Text-to-region grounding data:
=-=-=-=-=

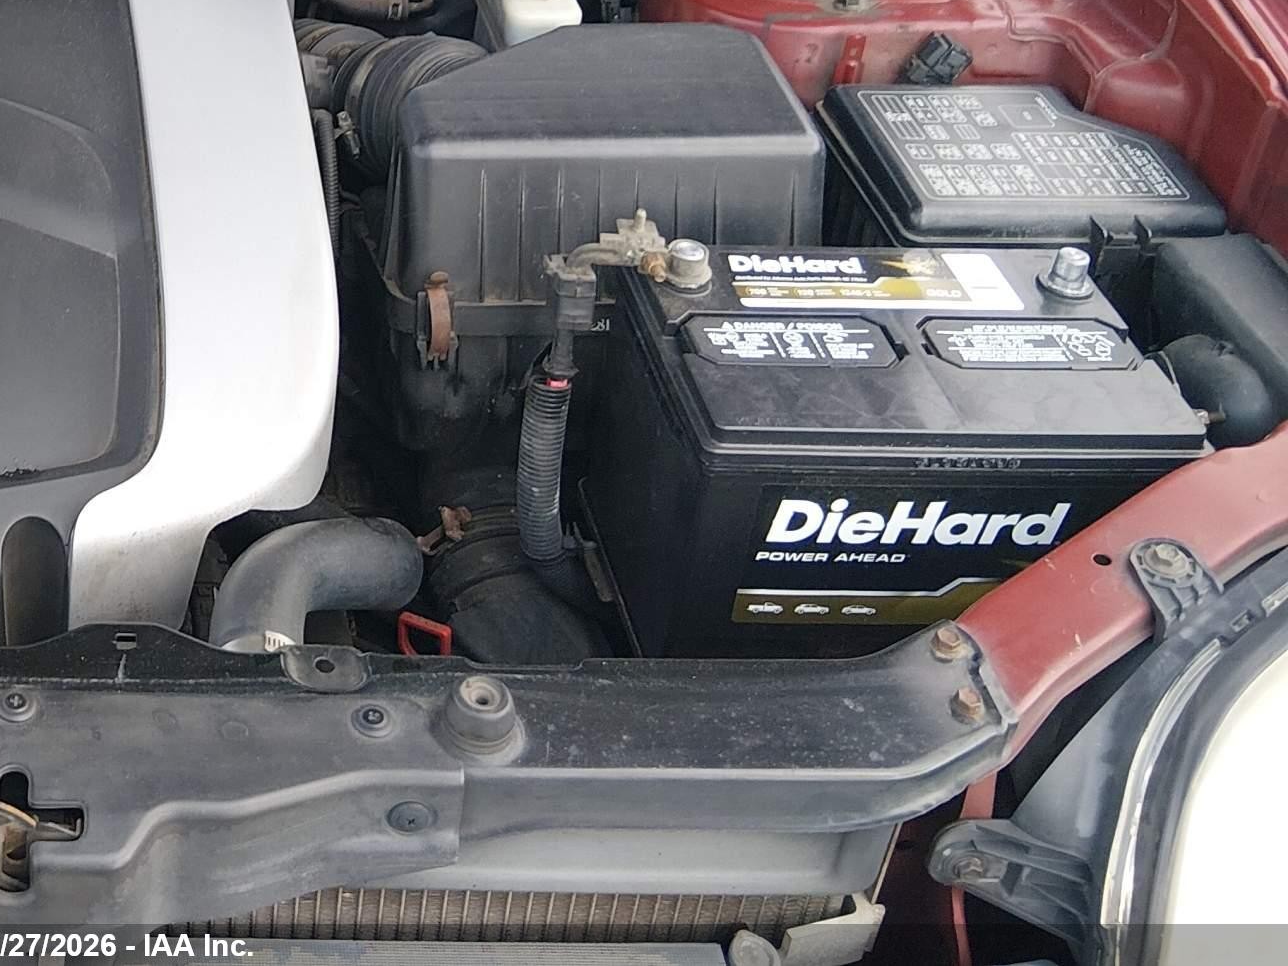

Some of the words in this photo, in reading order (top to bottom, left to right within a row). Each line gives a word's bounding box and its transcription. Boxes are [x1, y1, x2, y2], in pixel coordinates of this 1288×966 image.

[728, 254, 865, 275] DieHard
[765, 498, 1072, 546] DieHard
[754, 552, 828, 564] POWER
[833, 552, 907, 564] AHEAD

=-=-=-=-=

What is needed is an exact copy of every entry, minus the images.

Task output:
Some of the words in this photo, in reading order (top to bottom, left to right within a row). Each line gives a word's bounding box and its transcription. Boxes are [x1, y1, x2, y2], in pixel coordinates of this 1288×966 image.

[728, 254, 865, 275] DieHard
[765, 498, 1072, 546] DieHard
[754, 552, 828, 564] POWER
[833, 552, 907, 564] AHEAD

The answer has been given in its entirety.